Più di cento nuove piante sono state messe a dimora negli ultimi giorni in due aree pubbliche del territorio comunale, contribuendo al miglioramento del verde urbano e della qualità dell’aria. L’intervento è stato realizzato nell’ambito del “Progetto Ossigeno”, iniziativa promossa dalla Regione Lazio che punta ad aumentare la presenza di alberi e vegetazione nei centri urbani. L’amministrazione comunale di Cisterna ha aderito al programma presentando una manifestazione di interesse accolta dalla Regione, che ha quindi provveduto alla piantumazione di alberi ed essenze arboree in due zone già destinate a verde pubblico. Le aree interessate dall’intervento sono piazza Caduti di Nassiriya, nella località Cerciabella, e via Einaudi, la strada che conduce al polo tecnico “Ramadù”.
Interventi dopo il sopralluogo dei tecnici
Prima dell’avvio dei lavori, i tecnici della Regione Lazio hanno effettuato un sopralluogo nei due terreni per valutare le condizioni del suolo e individuare le zone più idonee alla piantumazione. Una volta completate le verifiche, nel fine settimana scorso si è proceduto con la messa a dimora delle nuove piante, intervento che arricchisce il patrimonio verde delle due aree e contribuisce a rafforzare la presenza di spazi naturali fruibili dai cittadini.
Le nuove piantumazioni nelle due zone
Nel dettaglio, a piazza Caduti di Nassiriya, in località Cerciabella, sono stati collocati 70 tra alberi e arbusti. L’area interessata è uno spazio individuato come verde pubblico situato nei pressi dell’asilo nido attualmente in fase di realizzazione.In via Einaudi, invece, sono stati piantati 39 nuovi alberi, posizionati a ridosso del nuovo parco pubblico attualmente in fase di realizzazione.

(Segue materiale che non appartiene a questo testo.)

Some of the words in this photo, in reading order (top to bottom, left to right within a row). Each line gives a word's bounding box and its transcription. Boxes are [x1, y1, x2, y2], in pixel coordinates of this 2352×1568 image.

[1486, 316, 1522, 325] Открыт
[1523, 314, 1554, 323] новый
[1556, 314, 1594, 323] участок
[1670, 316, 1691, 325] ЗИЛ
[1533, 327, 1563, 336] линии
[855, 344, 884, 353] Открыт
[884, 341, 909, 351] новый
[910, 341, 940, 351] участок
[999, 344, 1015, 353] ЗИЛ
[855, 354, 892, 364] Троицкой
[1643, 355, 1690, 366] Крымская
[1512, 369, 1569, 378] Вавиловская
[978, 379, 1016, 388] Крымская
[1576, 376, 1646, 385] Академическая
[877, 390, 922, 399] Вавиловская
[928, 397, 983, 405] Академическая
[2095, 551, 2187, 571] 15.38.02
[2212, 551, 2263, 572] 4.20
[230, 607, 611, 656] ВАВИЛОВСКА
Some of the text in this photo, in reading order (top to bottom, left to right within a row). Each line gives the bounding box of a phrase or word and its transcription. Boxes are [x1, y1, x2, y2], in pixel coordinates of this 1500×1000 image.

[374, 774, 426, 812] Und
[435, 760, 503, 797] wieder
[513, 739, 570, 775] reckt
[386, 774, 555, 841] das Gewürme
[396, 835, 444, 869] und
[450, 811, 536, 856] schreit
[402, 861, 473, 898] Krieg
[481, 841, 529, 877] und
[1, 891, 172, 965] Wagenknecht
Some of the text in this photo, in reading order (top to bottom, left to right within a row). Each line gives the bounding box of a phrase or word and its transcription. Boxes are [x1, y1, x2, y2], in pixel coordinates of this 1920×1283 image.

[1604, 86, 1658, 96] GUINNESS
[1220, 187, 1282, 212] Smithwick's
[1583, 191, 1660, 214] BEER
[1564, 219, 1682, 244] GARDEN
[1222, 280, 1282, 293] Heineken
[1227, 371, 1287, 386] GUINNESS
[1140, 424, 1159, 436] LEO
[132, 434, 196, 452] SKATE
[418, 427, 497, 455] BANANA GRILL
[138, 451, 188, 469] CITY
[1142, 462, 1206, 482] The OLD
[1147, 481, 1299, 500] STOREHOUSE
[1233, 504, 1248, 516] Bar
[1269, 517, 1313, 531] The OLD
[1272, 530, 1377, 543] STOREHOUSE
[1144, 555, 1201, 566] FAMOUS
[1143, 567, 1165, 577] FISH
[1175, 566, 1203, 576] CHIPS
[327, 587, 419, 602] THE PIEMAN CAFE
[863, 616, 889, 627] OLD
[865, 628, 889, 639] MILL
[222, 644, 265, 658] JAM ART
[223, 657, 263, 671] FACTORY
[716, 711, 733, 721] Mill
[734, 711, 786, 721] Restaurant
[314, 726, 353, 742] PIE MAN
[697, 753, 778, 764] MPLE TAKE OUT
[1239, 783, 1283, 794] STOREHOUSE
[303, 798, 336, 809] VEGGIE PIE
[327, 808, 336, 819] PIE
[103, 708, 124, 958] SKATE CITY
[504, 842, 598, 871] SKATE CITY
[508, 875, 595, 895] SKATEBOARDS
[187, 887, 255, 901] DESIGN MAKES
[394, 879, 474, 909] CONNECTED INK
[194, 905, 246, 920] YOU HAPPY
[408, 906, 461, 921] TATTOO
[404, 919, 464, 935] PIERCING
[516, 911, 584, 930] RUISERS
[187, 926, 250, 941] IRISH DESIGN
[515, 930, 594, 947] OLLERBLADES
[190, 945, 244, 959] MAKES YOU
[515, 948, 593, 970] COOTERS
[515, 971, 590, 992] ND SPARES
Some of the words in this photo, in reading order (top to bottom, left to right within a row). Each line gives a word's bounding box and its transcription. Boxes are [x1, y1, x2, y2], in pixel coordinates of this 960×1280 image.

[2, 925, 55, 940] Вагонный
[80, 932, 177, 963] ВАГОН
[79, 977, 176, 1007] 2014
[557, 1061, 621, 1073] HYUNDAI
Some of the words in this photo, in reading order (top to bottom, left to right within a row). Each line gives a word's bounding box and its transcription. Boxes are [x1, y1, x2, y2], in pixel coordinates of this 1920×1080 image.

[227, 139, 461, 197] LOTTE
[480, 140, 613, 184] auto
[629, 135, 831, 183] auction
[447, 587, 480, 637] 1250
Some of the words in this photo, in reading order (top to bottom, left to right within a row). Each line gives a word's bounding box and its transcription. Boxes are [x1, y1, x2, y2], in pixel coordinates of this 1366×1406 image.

Entrambe le zone sono frequentate quotidianamente dai residenti: la prima rappresenta un punto di riferimento per il quartiere, mentre la seconda è utilizzata anche da studenti e personale dell’istituto tecnico “Ramadù”.
Benefici ambientali e qualità della vita
L’incremento della vegetazione nelle due aree porterà diversi benefici ambientali. Tra gli effetti più rilevanti figurano la mitigazione dell’inquinamento acustico generato dal traffico veicolare e la riduzione dei livelli di anidride carbonica nell’aria.Oltre agli aspetti ambientali, l’intervento contribuisce anche al miglioramento dell’aspetto naturalistico e paesaggistico degli spazi pubblici, rendendo le aree più accoglienti e fruibili per cittadini, studenti e famiglie.
Il commento dell’amministrazione comunale
Sull’iniziativa è intervenuto il sindaco Valentino Mantini, che ha sottolineato il valore dell’adesione al progetto regionale. «Questo progetto della Regione Lazio al quale abbiamo partecipato – afferma il sindaco – rappresenta un passaggio fondamentale nel percorso di riqualificazione del tessuto urbano che stiamo portando avanti passo dopo passo, con l’obiettivo di restituire ai cittadini un ambiente più vivibile e con livelli di inquinamento più contenuti».
Mantini evidenzia inoltre come l’aumento delle aree verdi pubbliche rientri in una strategia più ampia dell’amministrazione: spazi verdi attrezzati e riqualificati, infatti, favoriscono la diffusione di una cultura della sostenibilità, dell’uso razionale delle risorse e della tutela della biodiversità locale.
Il lavoro degli assessori
Soddisfazione per l’intervento è stata espressa anche dagli assessori all’Ambiente Lino Del Prete e alla Transizione energetica Marco Capuzzo, che hanno seguito da vicino le diverse fasi del “Progetto Ossigeno”.L’iniziativa rappresenta un ulteriore tassello delle politiche locali dedicate alla sostenibilità ambientale e al miglioramento della qualità della vita nei quartieri.